An enzyme known as renalase which is secreted into the blood from the kidneys and plays a role in regulating blood pressure and fighting inflammation is a key factor for one’s ability to overcome the deadly virus.

The study found that those who had lower levels of this enzyme in their body were 68 percent more likely to be affected with breathing difficulties and were therefore more likely to need a ventilator.

It was also discovered that those patients with lower levels of renalase who were hospitalised were more likely to die from the novel coronavirus.

What is renalase?

Renalase is an enzyme hormone secreted by the kidney and helps to circulate blood and blood pressure.

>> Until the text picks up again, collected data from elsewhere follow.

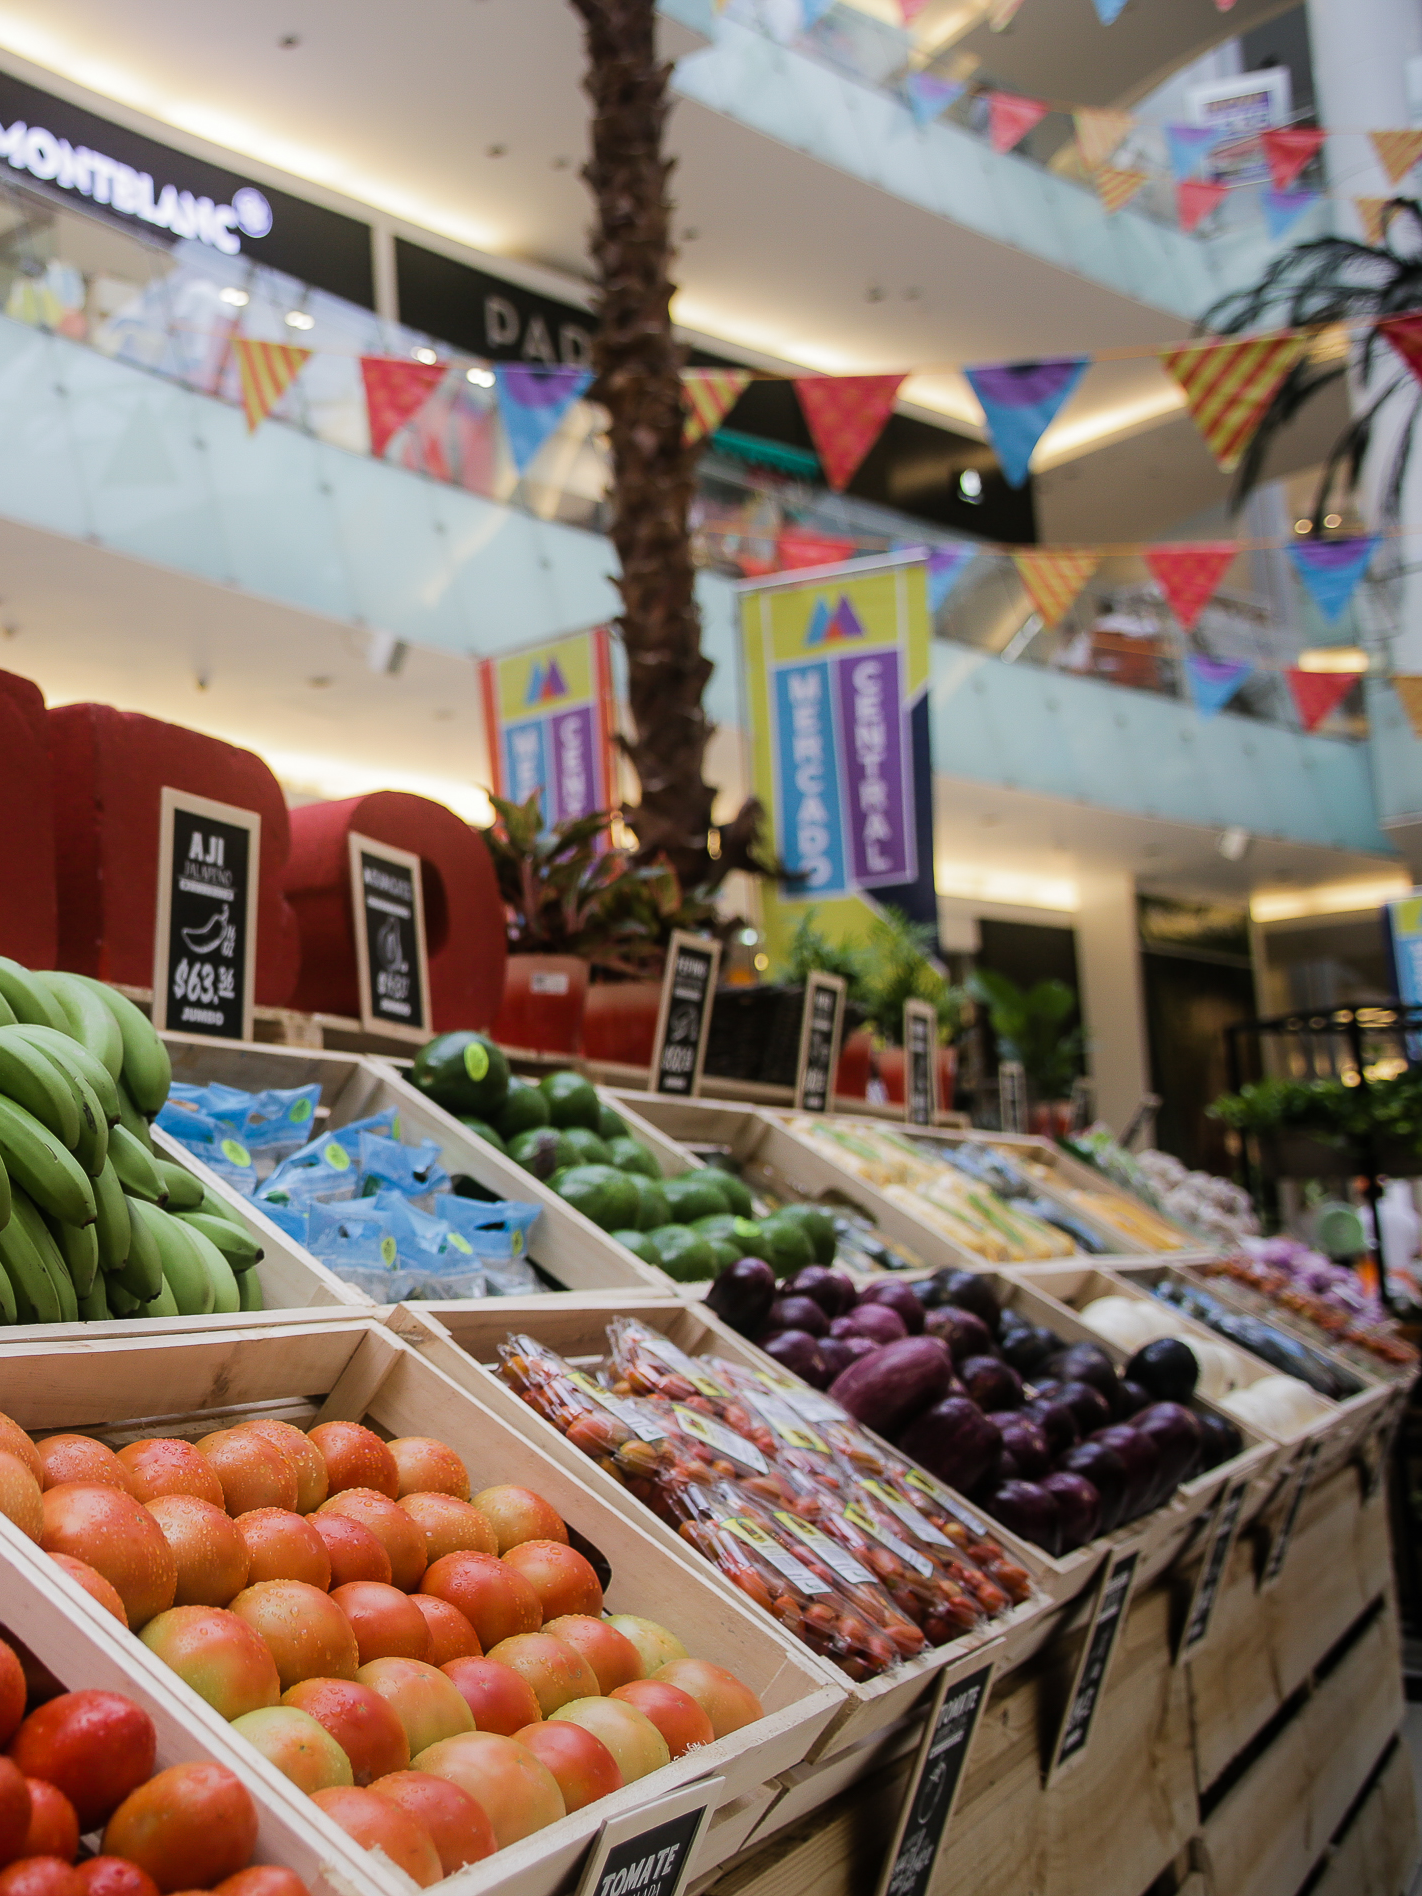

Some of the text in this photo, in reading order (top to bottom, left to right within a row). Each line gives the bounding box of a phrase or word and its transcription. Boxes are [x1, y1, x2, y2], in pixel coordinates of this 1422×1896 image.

[787, 669, 833, 887] MERCADO
[851, 659, 894, 873] CENTRAL
[188, 831, 225, 867] AJI
[599, 1842, 680, 1896] TOMATE
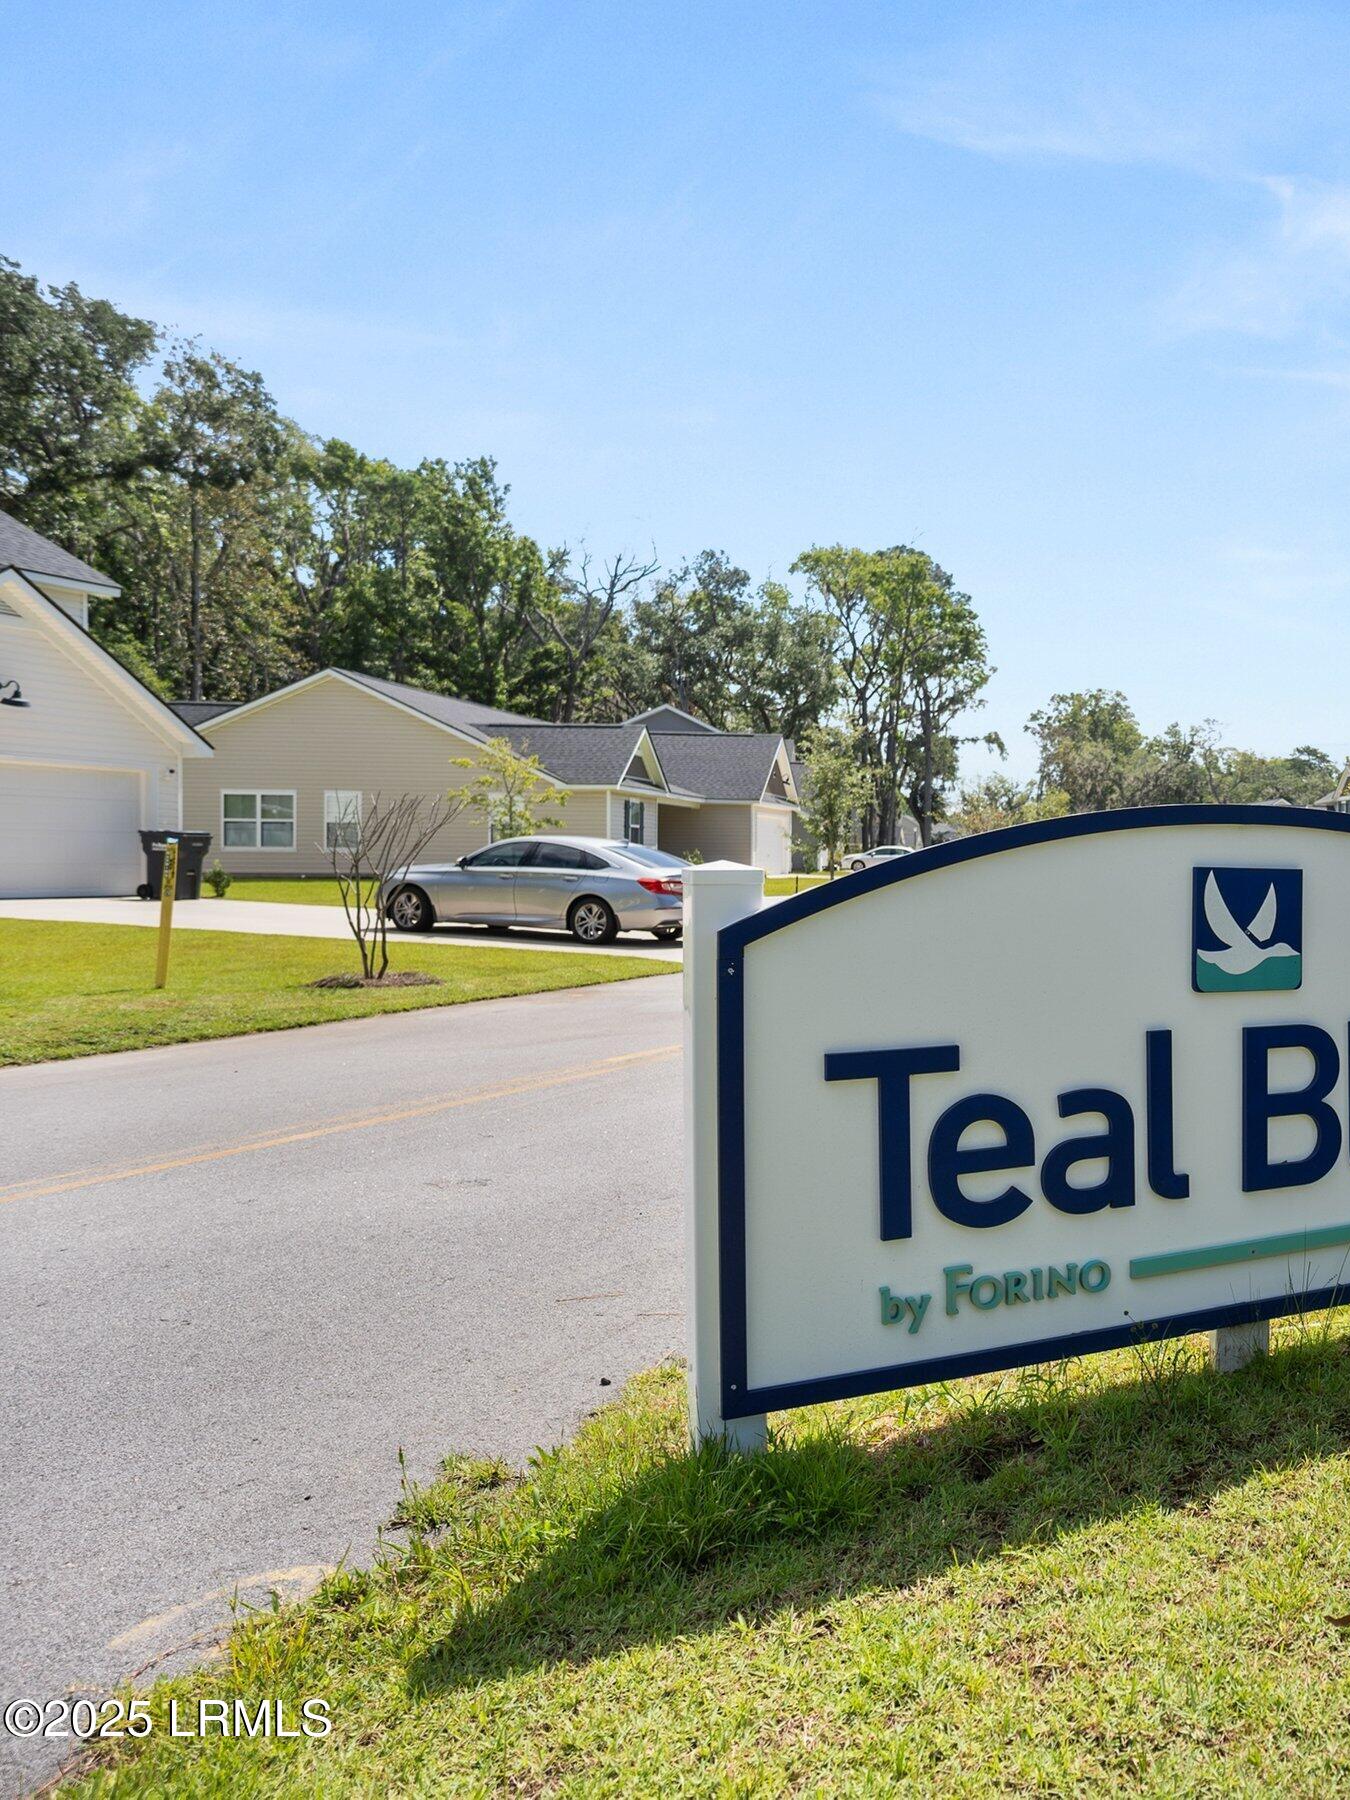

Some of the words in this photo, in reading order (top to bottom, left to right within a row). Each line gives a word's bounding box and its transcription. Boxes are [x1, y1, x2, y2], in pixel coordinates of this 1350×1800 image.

[824, 1029, 1189, 1241] Teal
[879, 1286, 932, 1334] by
[943, 1259, 1111, 1316] FORINO

Renalase is highly expressed in the kidney, expressed at a lower level in the heart, skeletal muscle and small intestine.

One protein which protects against acute injury, including ischemic injury to both the kidney and the heart, is renalase.

What the study said

Researchers from the study which was published in analysed levels of renalase in 51 coronavirus patients at Yale New Haven Hospital.

The results showed that the 14 patients with the lowest levels of renalase experienced more severe symptoms from COVID-19.

The study found that 84 percent of COVID-19 patients with low levels needed mechanical ventilations, compared to 50 percent of those with high levels.

Dr Gary Desir, chair of internal medicine at Yale School of Medicine and author of the study said: “We want to investigate whether giving patients renalase protein agonists can improve outcomes.”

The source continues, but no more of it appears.